Using the Fasciablaster’s plastic rollers with hard, finger-like protrusions and your choice of body oil, start by lightly stroking the skin and muscles. This prepares them for fascia manipulation. After the area is warmed up, roll more vigorously and with stronger force. It’s the combination of these methods that break down damaged fascia. To get an even better blast, it’s recommended (but not absolutely necessary) to use heat on the area beforehand.
The official website offers a wide range of specific body tutorials, so it won’t feel like reading a 100-page book of instructions while trying to put an Ikea dresser together. Also, there’s a 1000-day guarantee for replacement if a FasciaBlaster piece breaks.
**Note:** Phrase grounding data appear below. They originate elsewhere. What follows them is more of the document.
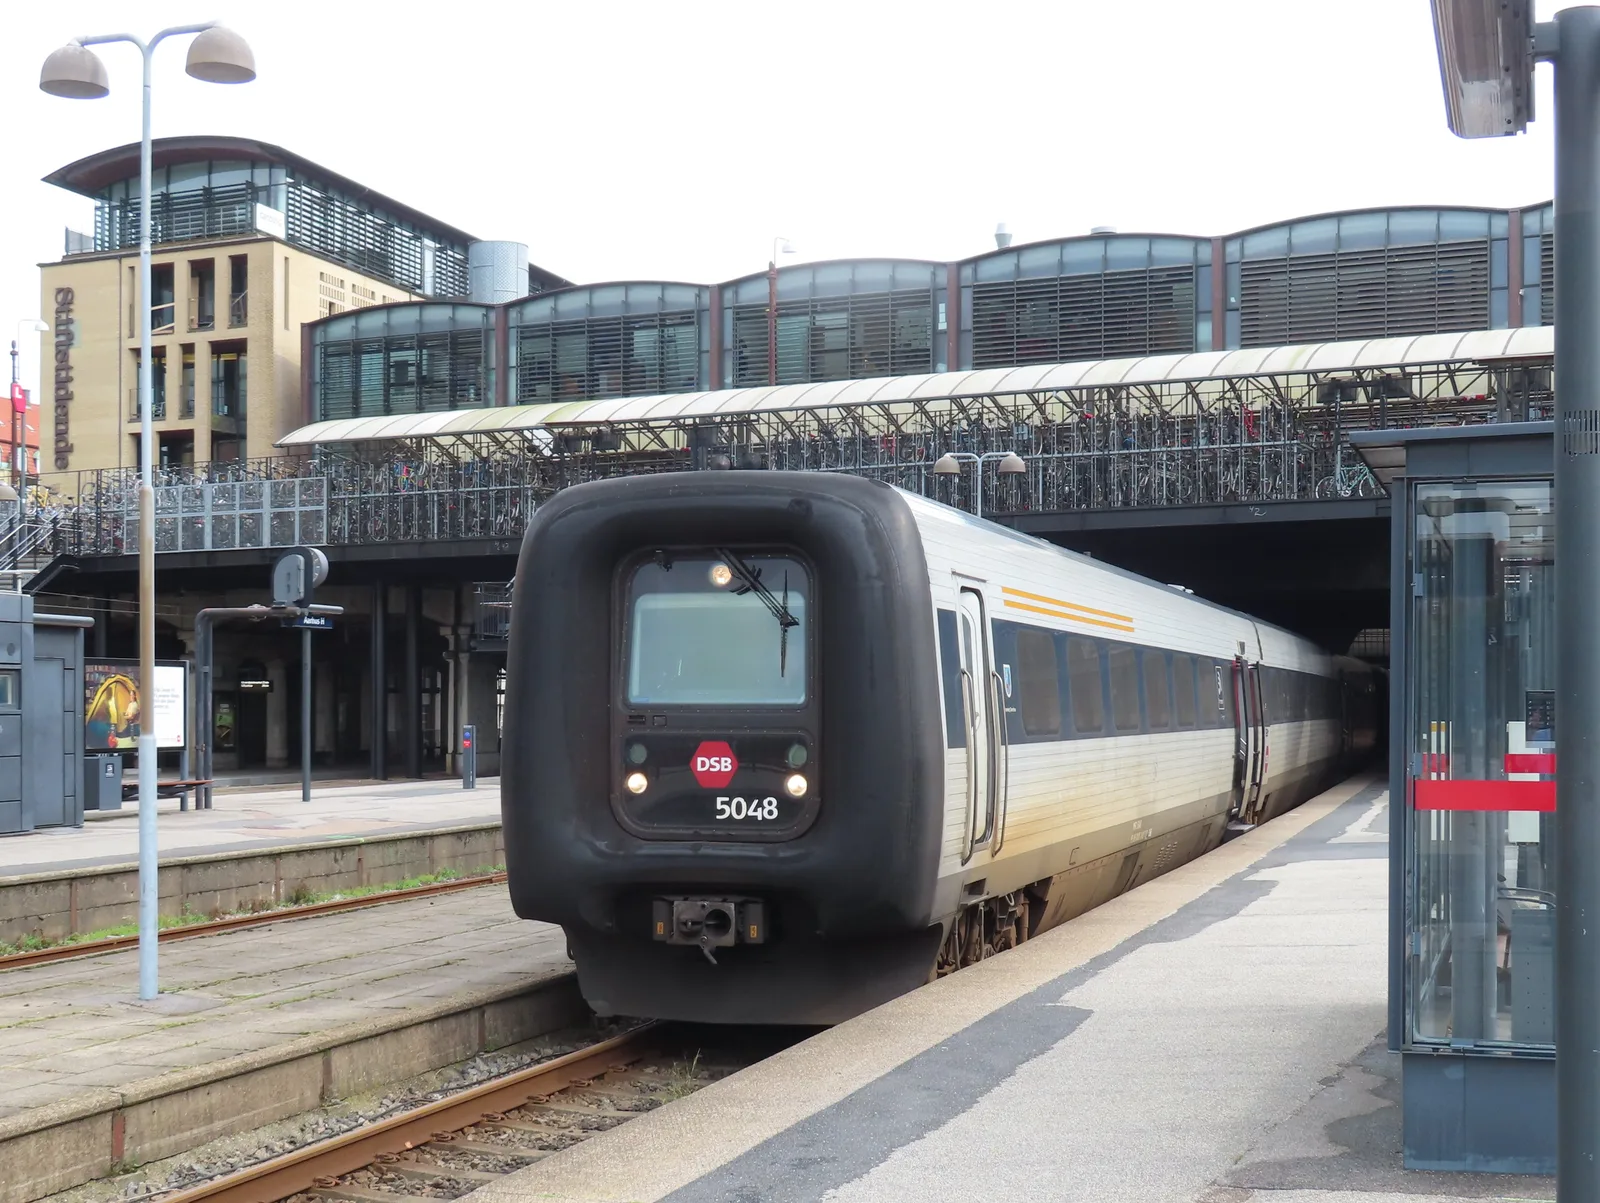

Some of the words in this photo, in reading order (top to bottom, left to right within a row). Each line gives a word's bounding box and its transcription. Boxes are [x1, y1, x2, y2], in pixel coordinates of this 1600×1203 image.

[55, 287, 74, 470] Stiftstidende
[15, 386, 23, 399] L
[303, 616, 320, 625] Aarhus
[320, 617, 325, 625] H
[696, 757, 732, 772] DSB
[715, 796, 779, 821] 5048
Keep your receipts, just in case!
Are the Results Legit?
According to the study mentioned above, yes. Additionally, the FasciaBlaster website provides plenty of before and after photos of actual women who have used FasciaBlaster. These photos range from head to toe, so it does look promising. Additionally, the FasciaBlaster rollers aren’t huge. Therefore, you can pack them up in a suitcase and use them on the road if you travel a lot like I do.
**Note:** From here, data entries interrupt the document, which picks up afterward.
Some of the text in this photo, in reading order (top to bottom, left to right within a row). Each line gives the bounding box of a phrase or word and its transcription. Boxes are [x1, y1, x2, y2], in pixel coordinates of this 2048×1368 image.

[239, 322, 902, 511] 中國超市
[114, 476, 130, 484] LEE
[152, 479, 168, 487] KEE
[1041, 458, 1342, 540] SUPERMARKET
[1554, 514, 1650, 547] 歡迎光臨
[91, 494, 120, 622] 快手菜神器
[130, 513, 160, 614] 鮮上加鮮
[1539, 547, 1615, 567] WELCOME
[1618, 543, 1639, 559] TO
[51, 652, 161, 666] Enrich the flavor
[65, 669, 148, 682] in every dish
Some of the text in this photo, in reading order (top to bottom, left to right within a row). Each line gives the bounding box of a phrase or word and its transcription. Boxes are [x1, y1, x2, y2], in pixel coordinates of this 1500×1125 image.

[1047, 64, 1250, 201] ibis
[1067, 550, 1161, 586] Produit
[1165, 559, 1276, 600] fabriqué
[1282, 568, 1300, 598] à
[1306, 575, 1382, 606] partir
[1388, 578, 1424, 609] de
Women whose photos are chosen to use on the FasciaBlaster website are called BlasterSisters (not necessary, in my opinion, but if it makes you feel part of a group and encourages you, you do you).
Other Health Benefits of FasciaBlaster
I’ve also read online testimonials about how the FasciaBlaster has helped with posture. One woman says it has greatly lessened the pain of rheumatoid arthritis in her hands to the point where steroid shots are no longer necessary. Of course, there are plenty of cellulite testimonials. Although I am familiar with dishonest online reviews, seeing the before and after pics, along with the testimonials, makes them so much more legit.
Additionally, there’s an official women’s support group on Facebook with over 400,000 members to offer encouragement and to answer common questions about the FasciaBlaster.
Honestly, it depends on how many FasciaBlaster products you want to buy. The beginner’s kit comes with two tools, a nugget (especially for the face), a descriptive book explaining the FasciaBlaster process, a cold pack to use after blasting, and oil and cream for (at the time this post was written) $154.
Additionally, there are 14 other kits that treat specific areas, as well as kryomats, shorts, hats, and hoodies to purchase if you’re going all in. However, if you’re unsure whether to go that route, you can buy the original FasciaBlaster for $99.
Unfortunately, FasciaBlaster pieces are not cheap. Still, consider the price of plastic surgery and liposuction. They go into the 10s of 1000s of dollars, so perhaps FasciaBlaster is a good deal after all.